On days where I don’t get cures in my inbox, I get invitations to conferences that aren’t real, or asked to write for imaginary medical journals. The positive is that it makes me feel as though I am highly sought after, and people desperately want to hear from me. The negative is that they’re all a con, and that rather than thinking I’m somewhat brilliant, these scammers are hoping that I’m somewhat gullible.
The scamming is real in the cure diabetes world, and it never ends. Just at the point where you think it’s been rather quiet in the dodgy-cure entrepreneur corner of the globe, there is suddenly a concerted effort to get you to drop some coin on a turmeric and kale chai teatox for the low monthly price of $39.99 plus tax. What have you got to lose?
How the fuck are we meant to navigate our way through it? Twenty-three years in and being a sceptic with a healthy dose of mistrust in strangers approaching me online asking for money and promising me the world has served me well. I start from a position of disbelieving pretty much everything, which has been super useful in the last two years if you think about the rubbish that people (looking at you Clive Palmer) have claimed to be cure-alls. When future Lin-Manuel Miranda writes a musical about the COVID years, there will be a song dedicated to Ivermectin, drinking bleach, and that weird light thing that Pete Evans was trying to sell us for a cool $15K, and a story of vax-crossed lovers where an AZ and Pfizer jabbed couple try to overcome their differences, succeeding only when they are both boosted with Moderna.
Promises of diabetes cures prey on the vulnerable and the scared. It’s abusive and mean. If diabetes could easily be cured, WE ALL WOULD BE CURED, because I’m yet to meet anyone who wants to live with a lifelong chronic health condition, no matter how much they seem to have their shit together.
If it were as simple as eating a cucumber (looking at you, whichever Kardashian made that outrageous claim), I’d be living on cucumber granola for breakfast, cucumber sandwiches for lunch and having a liquid dinner of cucumber mojitos, and snacking on cucumber dipped into tzatziki. All. Day. Long. And I bet everyone else with diabetes would be too, because even if we all got sick and tired of cucumbers by day three, it would still be a shedload better than dealing with diabetes. Wouldn’t it? Yes. Yes, it would.
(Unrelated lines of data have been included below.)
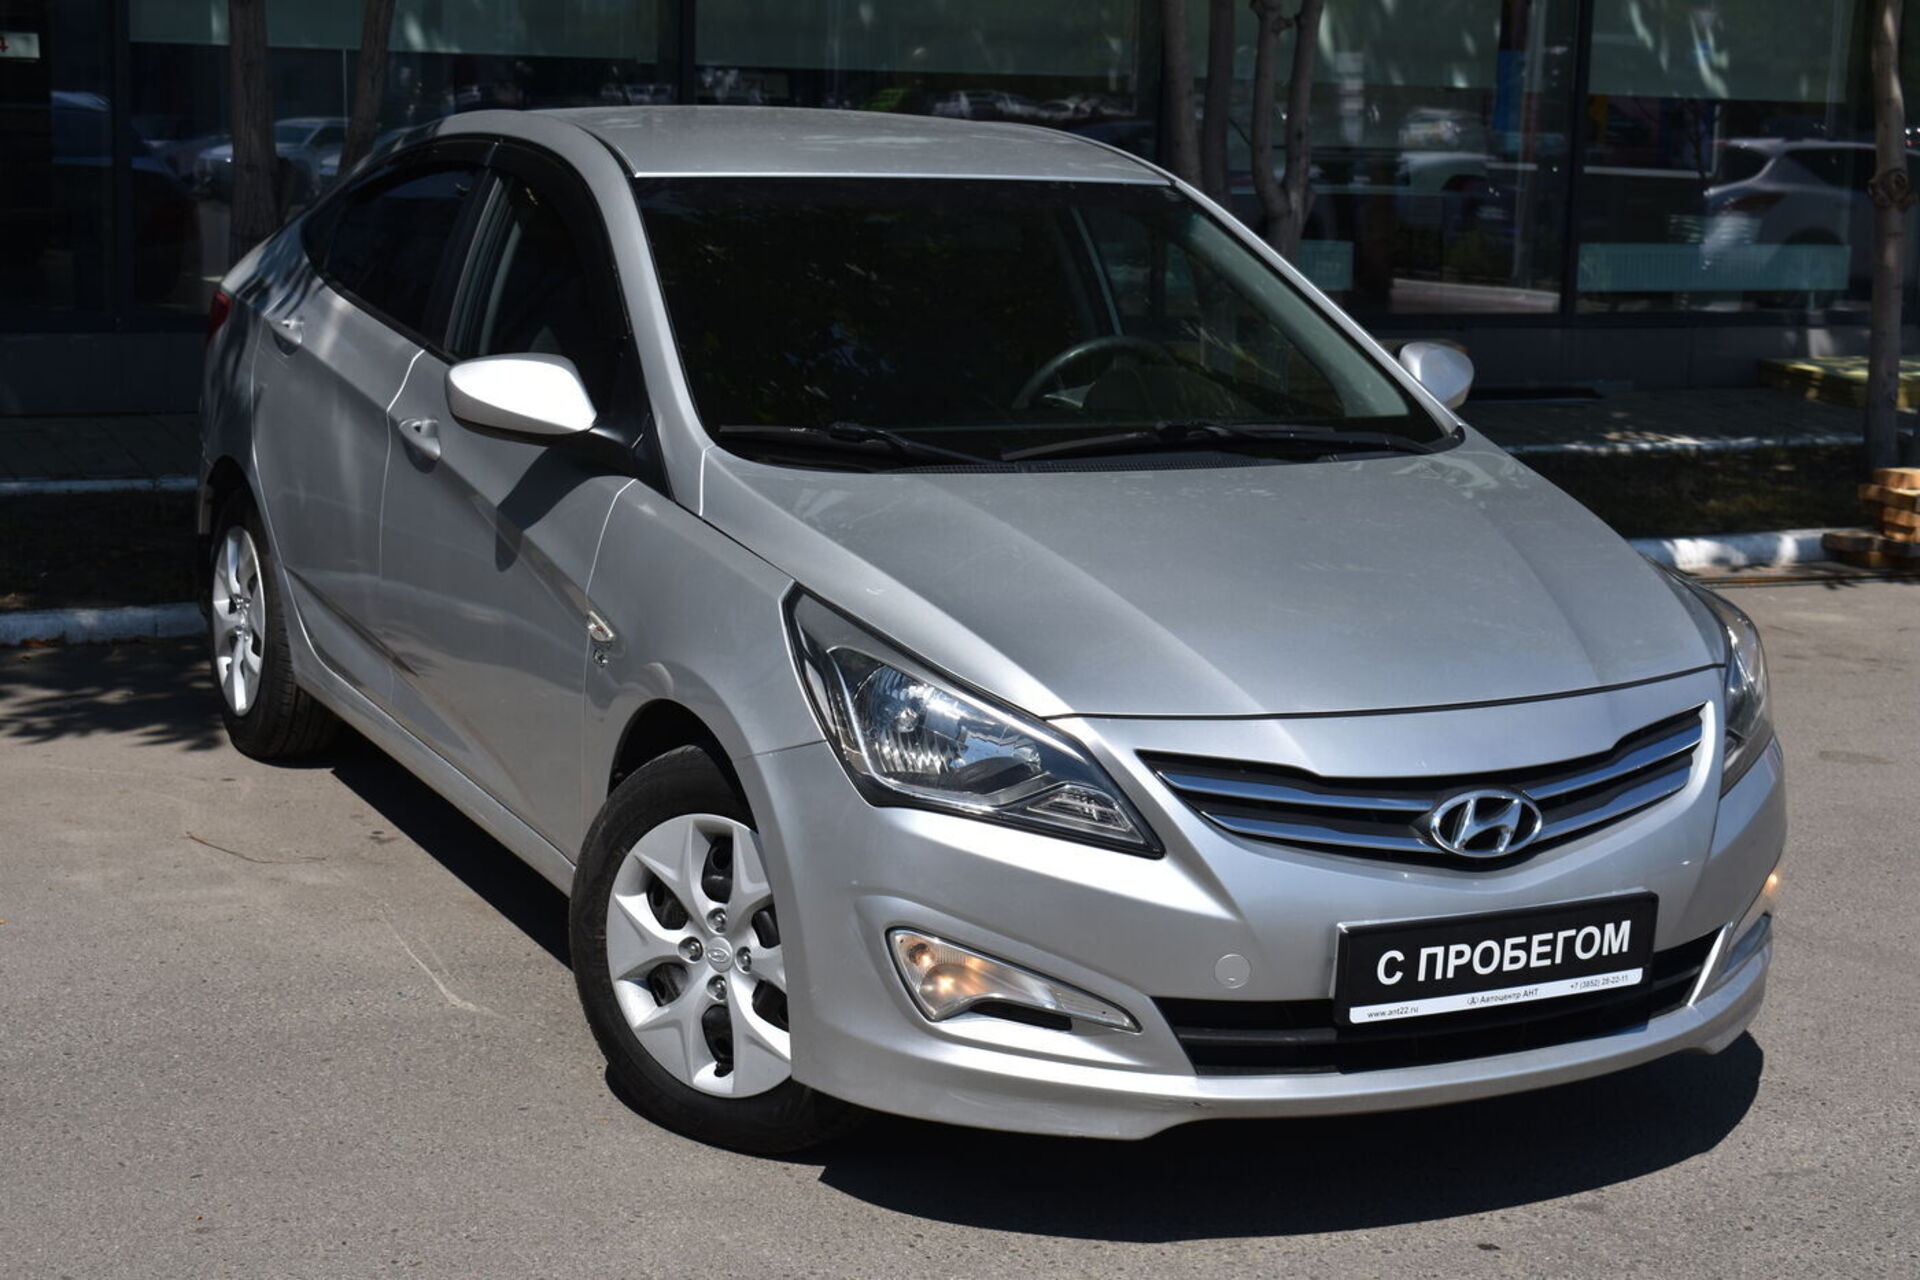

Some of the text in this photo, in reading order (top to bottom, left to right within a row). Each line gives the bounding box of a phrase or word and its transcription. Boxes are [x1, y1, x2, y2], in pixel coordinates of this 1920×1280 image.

[1377, 920, 1631, 985] С ПРОБЕГОМ
[1480, 988, 1539, 1003] Автоцентр АНТ
[1367, 1006, 1419, 1018] www.ant22.ru
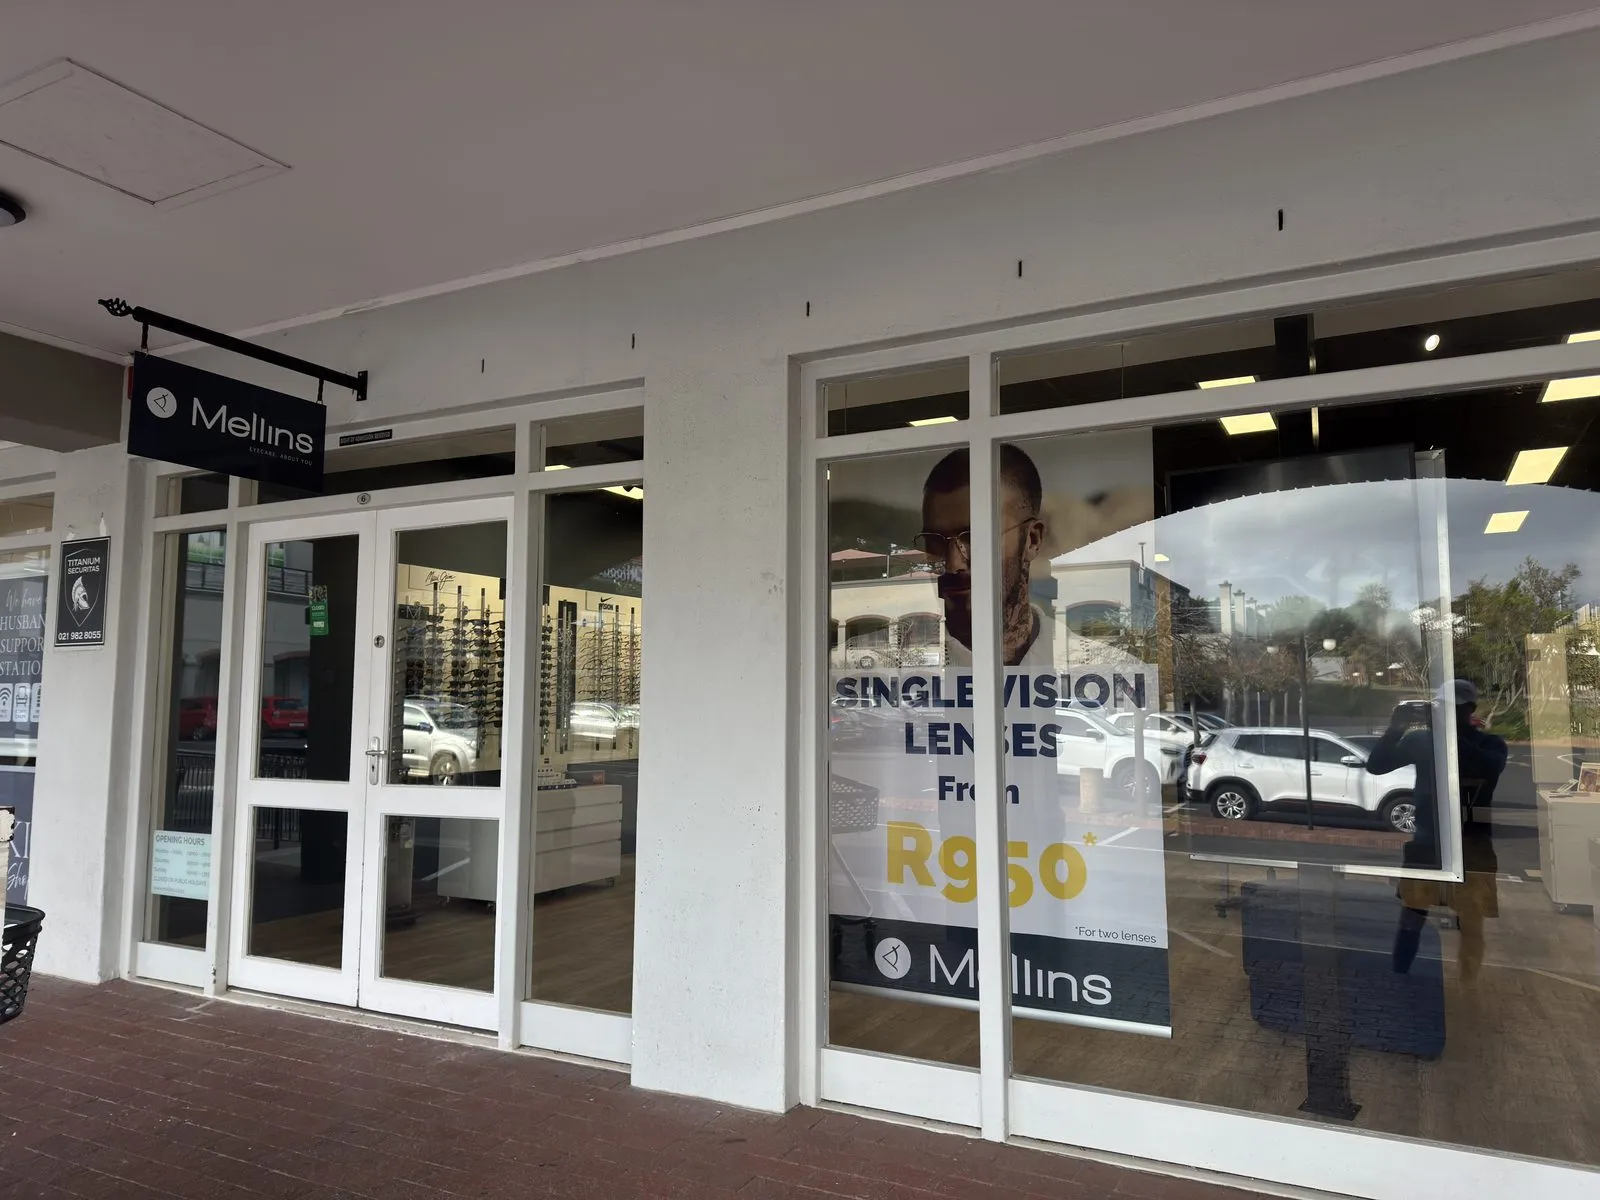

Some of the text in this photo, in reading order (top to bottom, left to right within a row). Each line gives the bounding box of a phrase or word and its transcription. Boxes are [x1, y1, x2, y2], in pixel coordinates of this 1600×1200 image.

[191, 396, 313, 454] Mellins
[279, 453, 299, 463] ABOUT
[300, 458, 313, 467] YOU
[67, 556, 101, 568] TITANIUM
[67, 565, 100, 575] SECURITAS
[57, 630, 102, 641] 021 982 8055
[835, 675, 973, 708] SINGLE
[905, 722, 1063, 757] LENES
[938, 775, 1020, 804] Fr
[155, 834, 206, 846] OPENING HOURS
[1098, 928, 1119, 940] two
[1121, 930, 1157, 944] lenses
[929, 943, 1112, 1006] Mllins
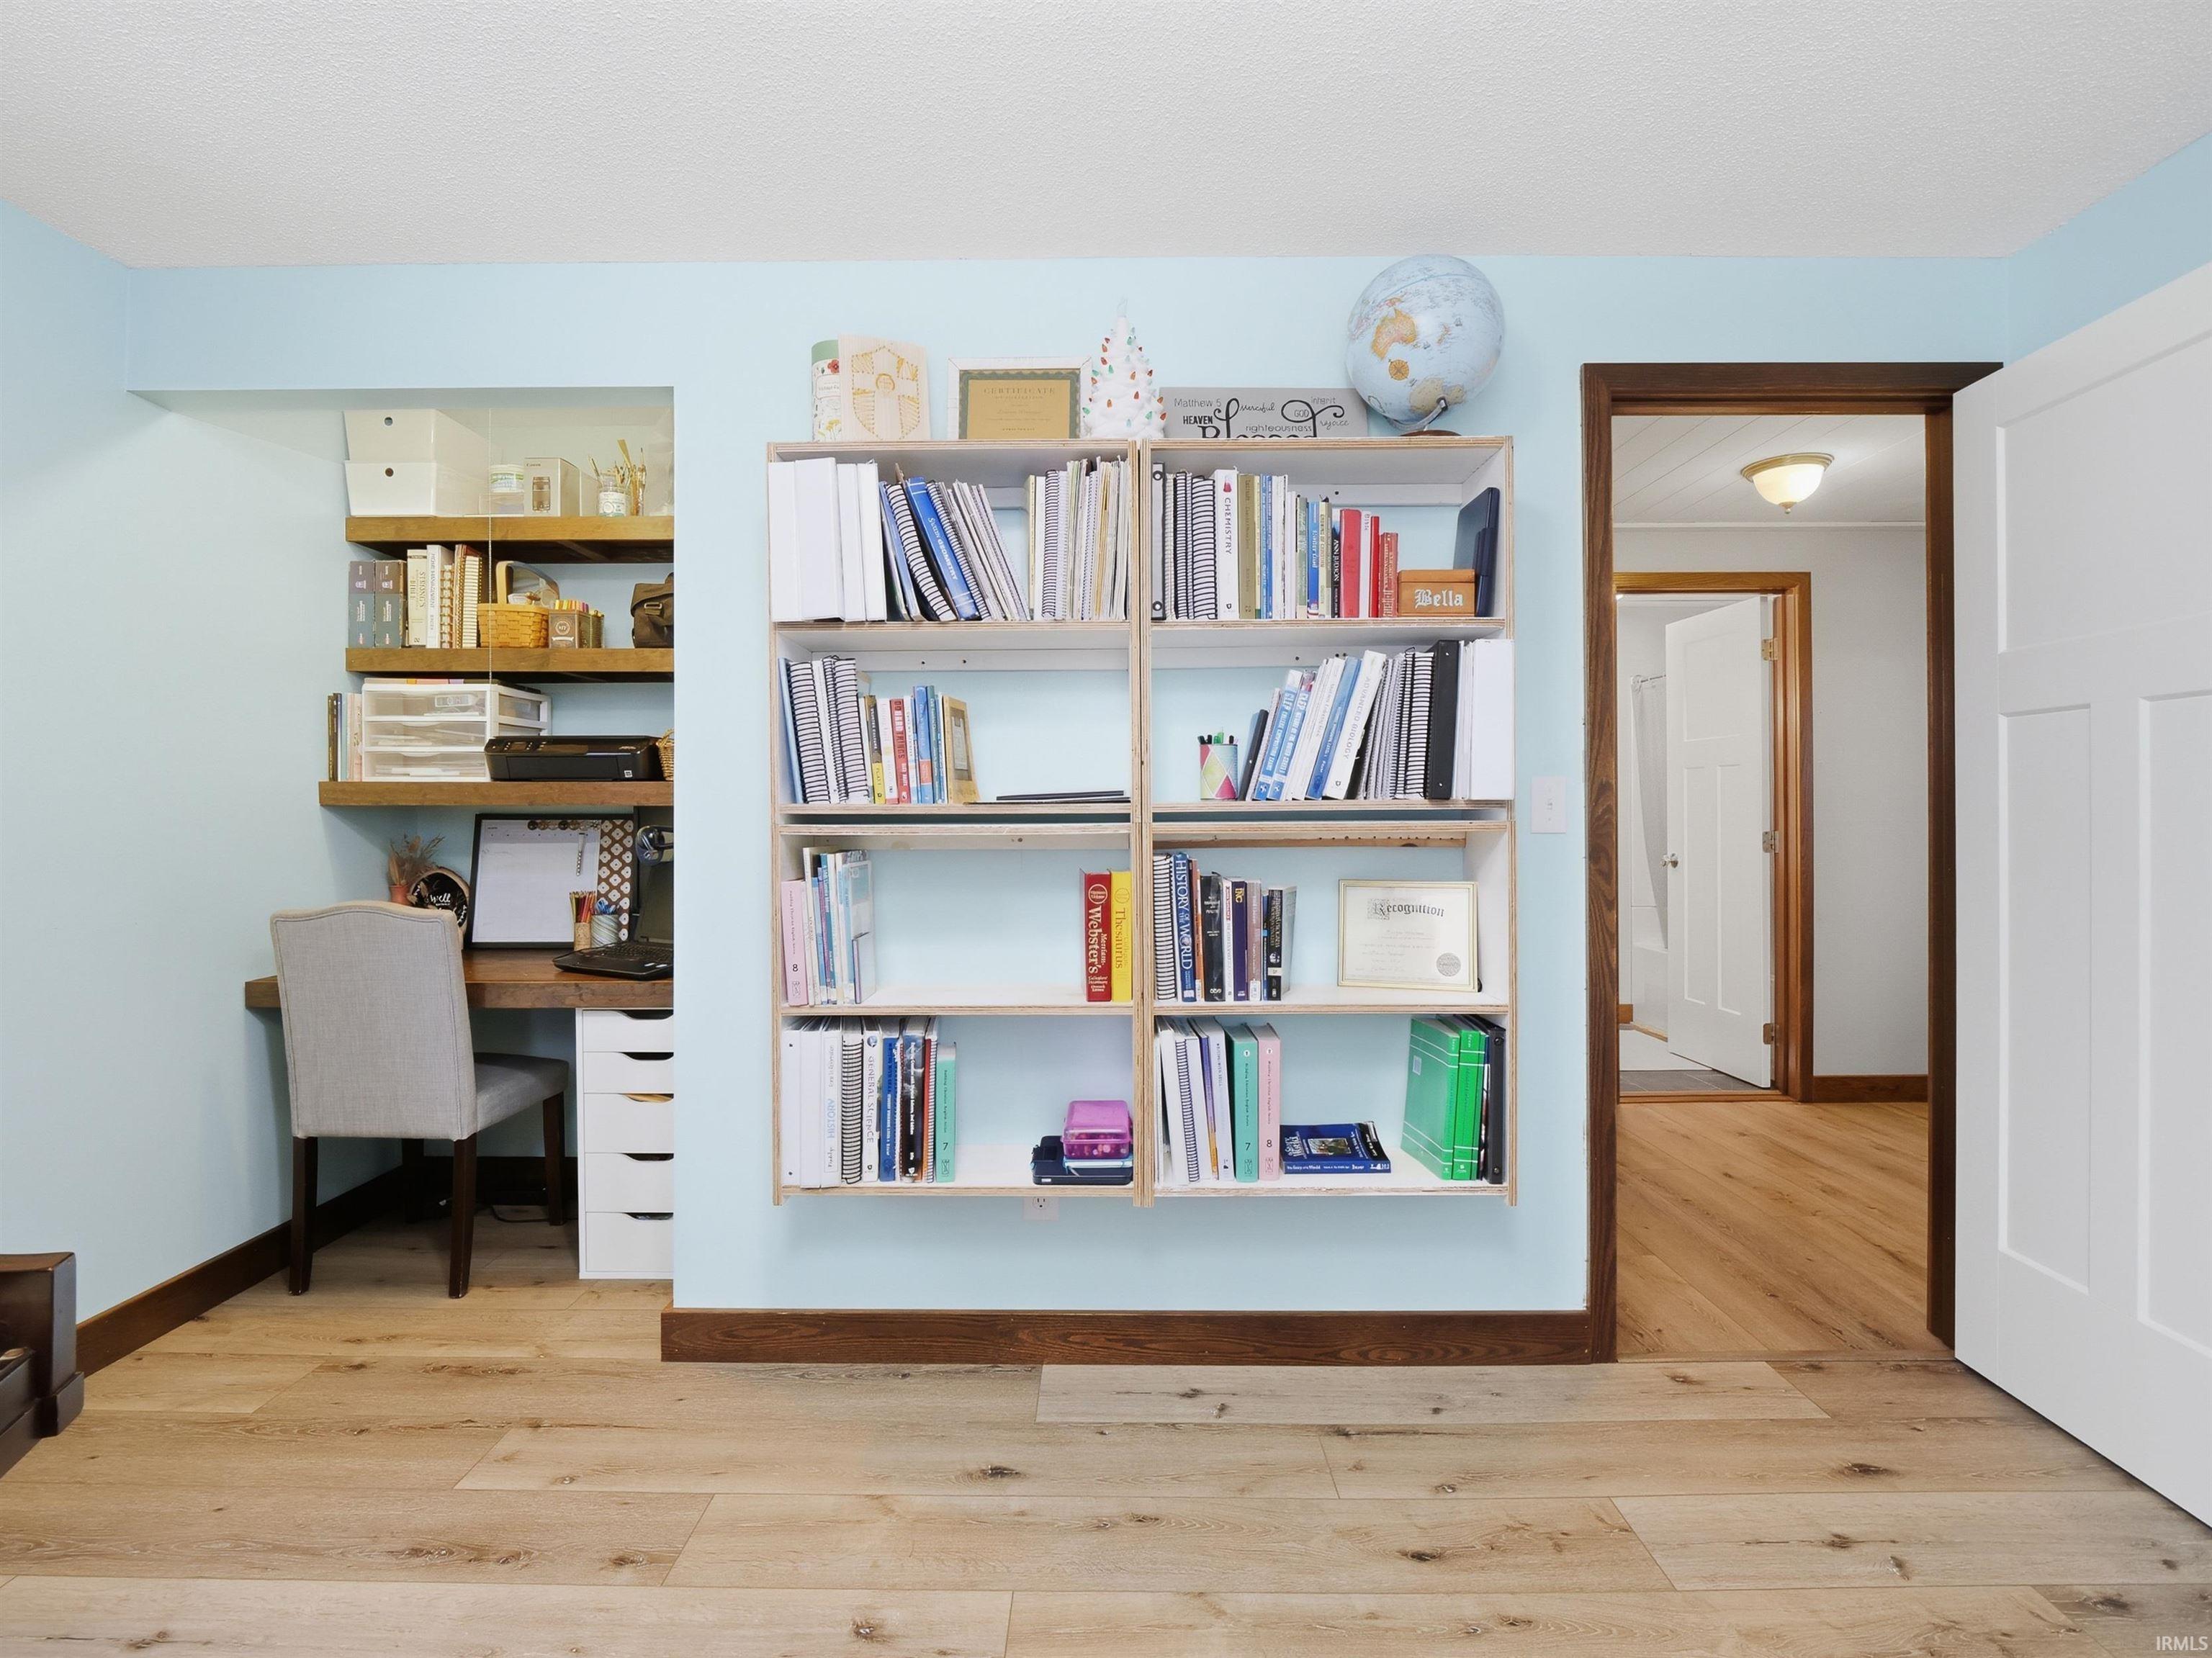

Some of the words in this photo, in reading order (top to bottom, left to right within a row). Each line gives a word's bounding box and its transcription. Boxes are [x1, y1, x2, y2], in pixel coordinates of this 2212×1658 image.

[1174, 398, 1213, 407] Matthew
[1216, 398, 1221, 407] 5
[1294, 409, 1308, 418] GOD
[1183, 415, 1213, 425] HEAVEN
[1415, 590, 1463, 609] Bella
[1298, 693, 1310, 710] CLEP
[1354, 677, 1371, 721] ADVANCED
[896, 731, 905, 759] THINGS
[1343, 724, 1359, 760] BIOLOGY
[1175, 860, 1189, 911] HISTORY
[1373, 901, 1445, 918] Recognition
[1088, 906, 1102, 973] Webster's
[1115, 907, 1126, 969] Thesaurus
[1179, 922, 1192, 970] WORLD
[792, 963, 799, 972] 8
[867, 1055, 876, 1099] GENERAL
[867, 1102, 876, 1143] SCIENCE
[1245, 1142, 1251, 1151] 7
In times where it is so easy to spread misinformation as gospel, people with diabetes are taxed with even more. On top of doing the task of one of our organs, do impressive maths calculations throughout the day, act as a multidisciplinary medical team for ourselves, employ some damn impressive detective techniques, and be the most efficient executive assistance in the known universe (all before lunchtime), we also need to sort through the constant stream of information, picking out the trash, and staying on heightened alert. Even though we would probably really like some of those pseudo-science promises to work…even just a little bit.
As I was writing this today, my email pinged and there waiting for me was some ‘research’ (a term here used to mean ‘made up stuff’) suggesting that my diabetes could be cured by taking a daily supplement in a convenient, once-a-day tablet. But wait! There’s more. I could take advantage of the cyber-Monday special and get an extra 23% (random number) discount, if I locked in a twelve-month subscription contract. For the record, even with the discount, I’d be out of pocket for this scam product USD$647 per year. Each ‘film-coated’ tablet contains, cinnamomum cassia, garcinia gummi-gutta, chromium hexahydrate, zinc citrate, glutamine, gymnema sylvestre and citrus extract.
I hit the unsubscribe button, blocked the sender. And instead of ordering that veritable shit salad of ingredients, decided that a better way to ingest citrus extract would be to make some lemon bars, and cinnamon via an apple cake. The rest of the stuff sounds made up and absolutely not likely to make my beta cells start making insulin again.
And so, I donated some of the USD$647 I just saved my not getting swept up in this scam to Insulin for Life. Because you know what? The stuff IFL is giving to people with diabetes in under-resourced countries is something that really works and is really essential. And absolutely, completely and utterly not a scam.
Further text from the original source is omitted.